Serving Development (Predictor Method)
Introduction to currently supported Predictors and how to write them
:::warning
The traditional predictor.py deployment method is no longer the best practice. It is recommended to use custom deployment methods. Please refer to the Quick Start Documentation for the recommended deployment approach.
:::
Currently, HyperAI model deployment supports two deployment modes:
- Standard predictor.pydeployment method
- Fully custom deployment that bypasses the HyperAI provided framework
The custom method is designed for advanced users who need fine-grained control over deployment services. If you're unsure whether you need the custom method, then you don't need it, and it's recommended to proceed with the standard method.
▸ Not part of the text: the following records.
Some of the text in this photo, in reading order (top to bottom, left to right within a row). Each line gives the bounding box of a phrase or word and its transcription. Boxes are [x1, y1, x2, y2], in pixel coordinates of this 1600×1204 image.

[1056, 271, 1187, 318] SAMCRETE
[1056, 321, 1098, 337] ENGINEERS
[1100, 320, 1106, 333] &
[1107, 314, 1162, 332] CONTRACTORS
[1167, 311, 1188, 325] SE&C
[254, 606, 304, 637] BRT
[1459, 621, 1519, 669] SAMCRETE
Standard predictor.py Method
Dependencies
In addition to libraries used in your business logic, you need an extra dependency on openbayes-serving. Please ensure this library is updated to the latest version.
Directory Structure
Model deployment must include two parts:
- predictor.pyand its dependent files, used for handling model requests
- Model files
The interface of predictor.py will be introduced one by one below. Detailed information about exporting model files can be found in Model Exporting.
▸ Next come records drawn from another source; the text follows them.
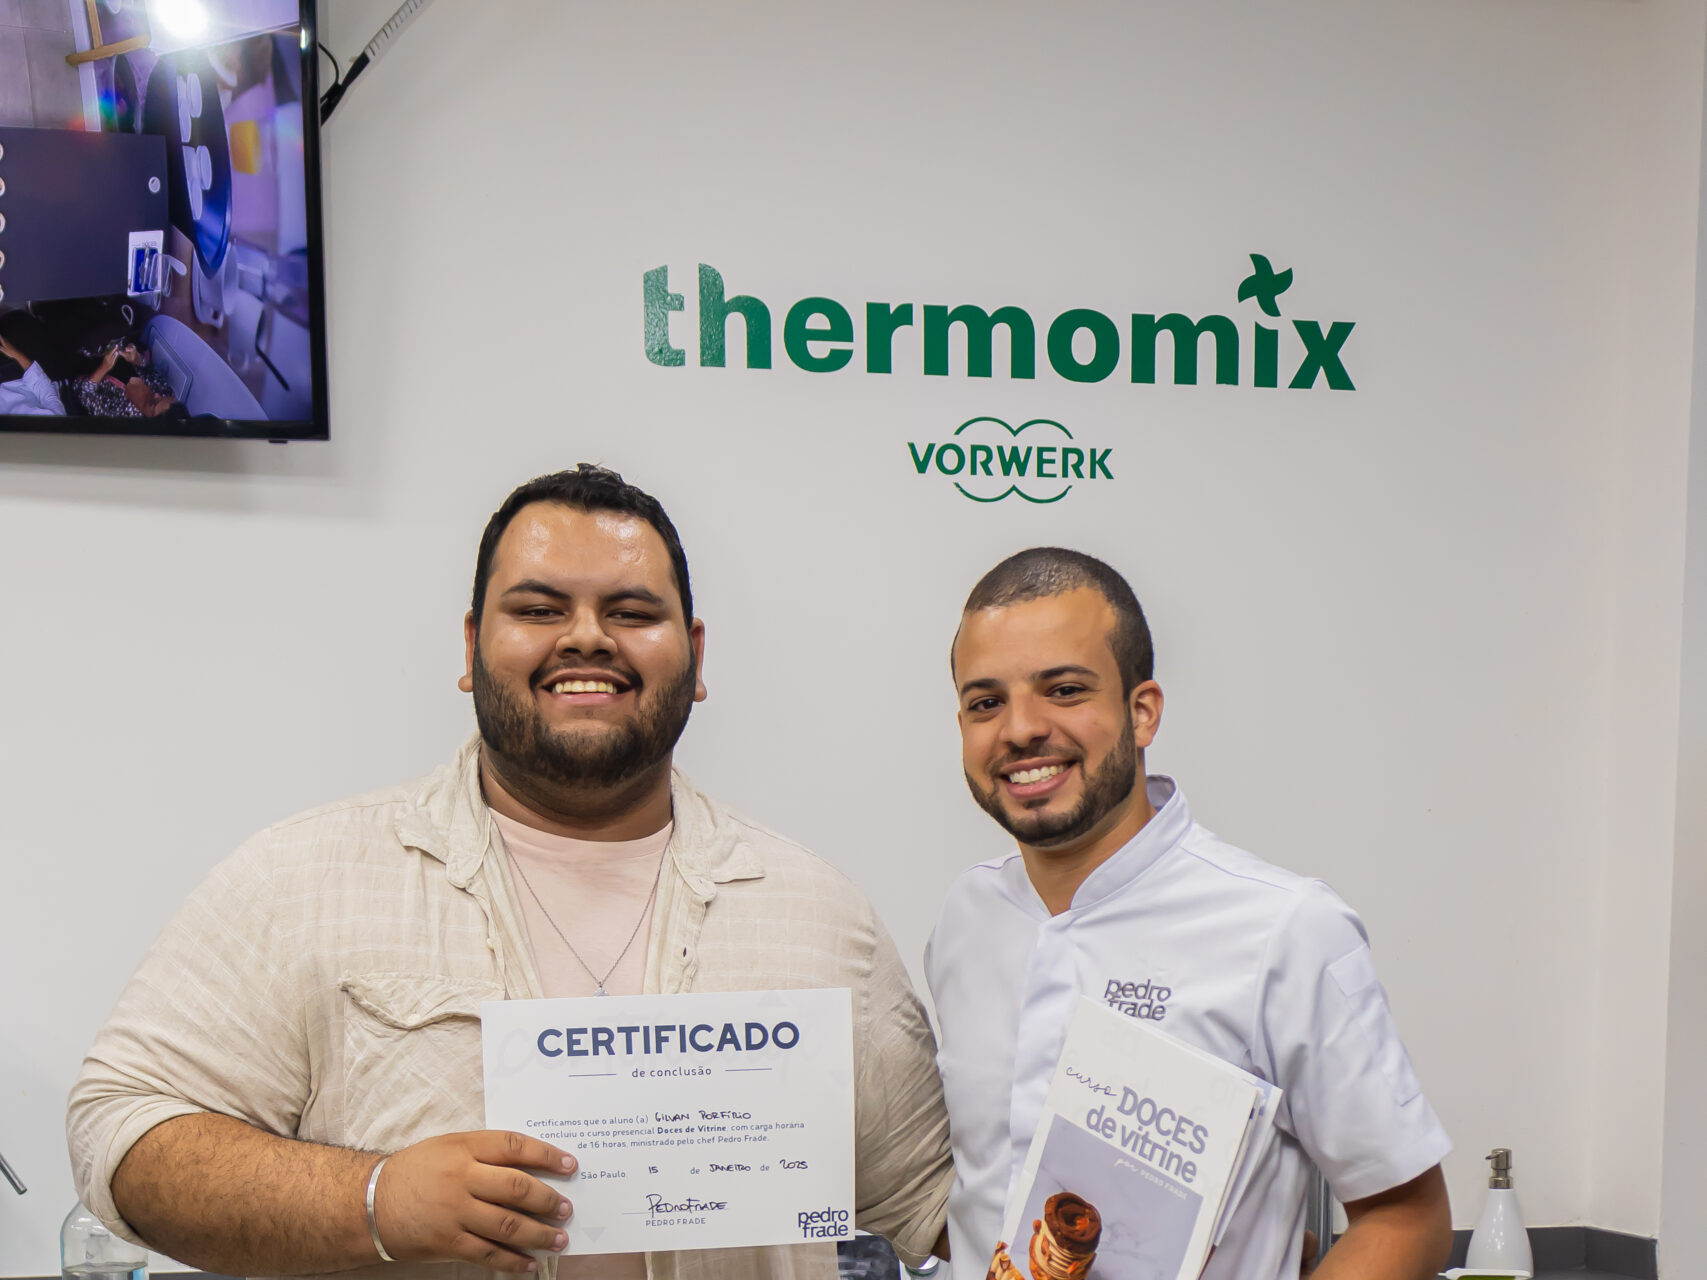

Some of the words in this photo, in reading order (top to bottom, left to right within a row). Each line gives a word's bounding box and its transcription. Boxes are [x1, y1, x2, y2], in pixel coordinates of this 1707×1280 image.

[642, 253, 1357, 392] thermomix
[907, 441, 1115, 480] VORWERK
[1104, 979, 1172, 1002] pedro
[537, 1021, 800, 1058] CERTIFICADO
[631, 1068, 647, 1078] de
[649, 1065, 712, 1078] conclusão
[1066, 1066, 1118, 1096] curso
[1117, 1086, 1209, 1154] DOCES
[526, 1118, 582, 1128] Certificamos
[583, 1118, 601, 1128] que
[609, 1117, 634, 1125] aluno
[539, 1130, 577, 1139] concluiu
[612, 1128, 655, 1139] presencial
[657, 1126, 683, 1135] Doces
[750, 1123, 773, 1132] carga
[577, 1141, 588, 1149] de
[630, 1138, 675, 1148] ministrado
[677, 1138, 695, 1147] pelo
[697, 1136, 715, 1145] chef
[718, 1135, 742, 1144] Pedro
[1086, 1104, 1117, 1139] de
[1121, 1123, 1198, 1183] vitrine
[580, 1171, 598, 1179] São
[648, 1166, 659, 1174] 15
[690, 1167, 701, 1175] de
[760, 1163, 770, 1172] de
[645, 1218, 675, 1227] PEDRO
[676, 1217, 706, 1225] FRADE
[797, 1206, 850, 1227] pedro
[801, 1221, 849, 1238] frade
Any files that need to be referenced in predictor.py must be placed in the same directory or its subdirectories. For example, if you need a classes.json file to store classification information, you can access it in the predictor.py file as follows:
import json
class Predictor:
    def __init__(self):
        with open('classes.json', 'r') as f:
            values = json.load(f)
        self.values = values
    ...A complete project example can be found in pytorch/image-classifier-resnet50.
Predictor
Template
The Predictor template is as follows:
import openbayes_serving as serv
class Predictor:
    def __init__(self):
        """
        Responsible for loading the corresponding model and initializing metadata
        """
        pass
    def predict(self, json):
        """
        Called on every request
        Accepts the content of the HTTP request (`json`)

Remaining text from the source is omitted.